FBI-MI5 chiefs warn of technology threat from China; China responds
The heads of the MI5 and the US Federal Bureau of Investigation mutually notified about forthcoming threats by the Chinese government’s global espionage campaign.
FBI Director Christopher Wray and MI5 Director General Ken McCallum in a joint press conference held at MI5 headquarters in London informed about all the Chinese efforts set on stealing all the western technology.
Wray said, “The Chinese government is set on stealing your technology — whatever it is that makes your industry tick — and using it to undercut your business and dominate your market”.
Wray also added, “Maintaining a technological edge may do more to increase a company’s value than would partnering with a Chinese company to sell into that huge Chinese market, only to find the Chinese government and your partner stealing and copying your innovation”.
The two claimed that the Chinese government is involved in a “coordinated campaign” to acquire access to major technology, and to “cheat and steal on a massive scale.”

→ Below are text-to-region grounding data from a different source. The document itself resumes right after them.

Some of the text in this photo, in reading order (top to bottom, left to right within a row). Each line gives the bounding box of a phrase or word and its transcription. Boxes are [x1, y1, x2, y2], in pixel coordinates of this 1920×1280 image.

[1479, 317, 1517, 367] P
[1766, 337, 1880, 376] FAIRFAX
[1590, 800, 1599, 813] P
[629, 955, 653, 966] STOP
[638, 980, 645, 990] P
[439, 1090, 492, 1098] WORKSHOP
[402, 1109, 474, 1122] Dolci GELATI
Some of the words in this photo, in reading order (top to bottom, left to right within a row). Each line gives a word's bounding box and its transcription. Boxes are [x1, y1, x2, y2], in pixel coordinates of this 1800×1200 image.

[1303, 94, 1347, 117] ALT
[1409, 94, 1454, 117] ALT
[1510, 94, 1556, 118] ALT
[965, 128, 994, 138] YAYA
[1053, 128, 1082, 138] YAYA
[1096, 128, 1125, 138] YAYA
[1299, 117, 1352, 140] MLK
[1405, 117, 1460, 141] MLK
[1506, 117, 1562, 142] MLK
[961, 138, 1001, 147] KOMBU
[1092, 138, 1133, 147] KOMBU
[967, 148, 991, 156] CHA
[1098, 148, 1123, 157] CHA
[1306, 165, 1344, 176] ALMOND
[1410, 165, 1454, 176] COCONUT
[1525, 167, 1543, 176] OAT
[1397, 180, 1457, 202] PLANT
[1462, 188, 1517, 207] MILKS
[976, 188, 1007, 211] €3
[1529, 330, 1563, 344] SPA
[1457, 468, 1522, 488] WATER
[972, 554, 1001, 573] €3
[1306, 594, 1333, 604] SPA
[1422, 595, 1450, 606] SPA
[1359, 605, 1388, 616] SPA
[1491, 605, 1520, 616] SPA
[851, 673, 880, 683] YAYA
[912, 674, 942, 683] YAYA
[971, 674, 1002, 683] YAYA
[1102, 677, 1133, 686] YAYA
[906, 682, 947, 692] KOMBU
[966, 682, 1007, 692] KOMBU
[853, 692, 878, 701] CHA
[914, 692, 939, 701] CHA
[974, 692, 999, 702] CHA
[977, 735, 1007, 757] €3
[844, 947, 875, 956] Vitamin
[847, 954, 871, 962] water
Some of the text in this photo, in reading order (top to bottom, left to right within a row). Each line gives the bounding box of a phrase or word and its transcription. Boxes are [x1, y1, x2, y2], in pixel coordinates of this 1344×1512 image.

Christopher said China was their biggest long-term threat to economic and national security.
McCallum said that this was the first time the heads of the FBI and MI5 have shared a public platform.
“We’re doing so to send the clearest signal we can on a massive shared challenge: China,” McCallum said.
He blamed China for the deployment of cyber espionage to “cheat and steal on a massive scale”.
Wray said the Chinese government had directly hindered a congressional election in New York this spring.
A spokesperson for China’s embassy in Washington, DC, refused the claims.
The spokesperson said, China “firmly opposes and combats all forms of cyber-attacks” and “will never encourage, support or condone”.
Zhao Lijian, spokesperson of China Foreign Ministry said that MI5 was trying to “hype up the China threat theory” and advised the head of MI5 to “cast away imagined demons”.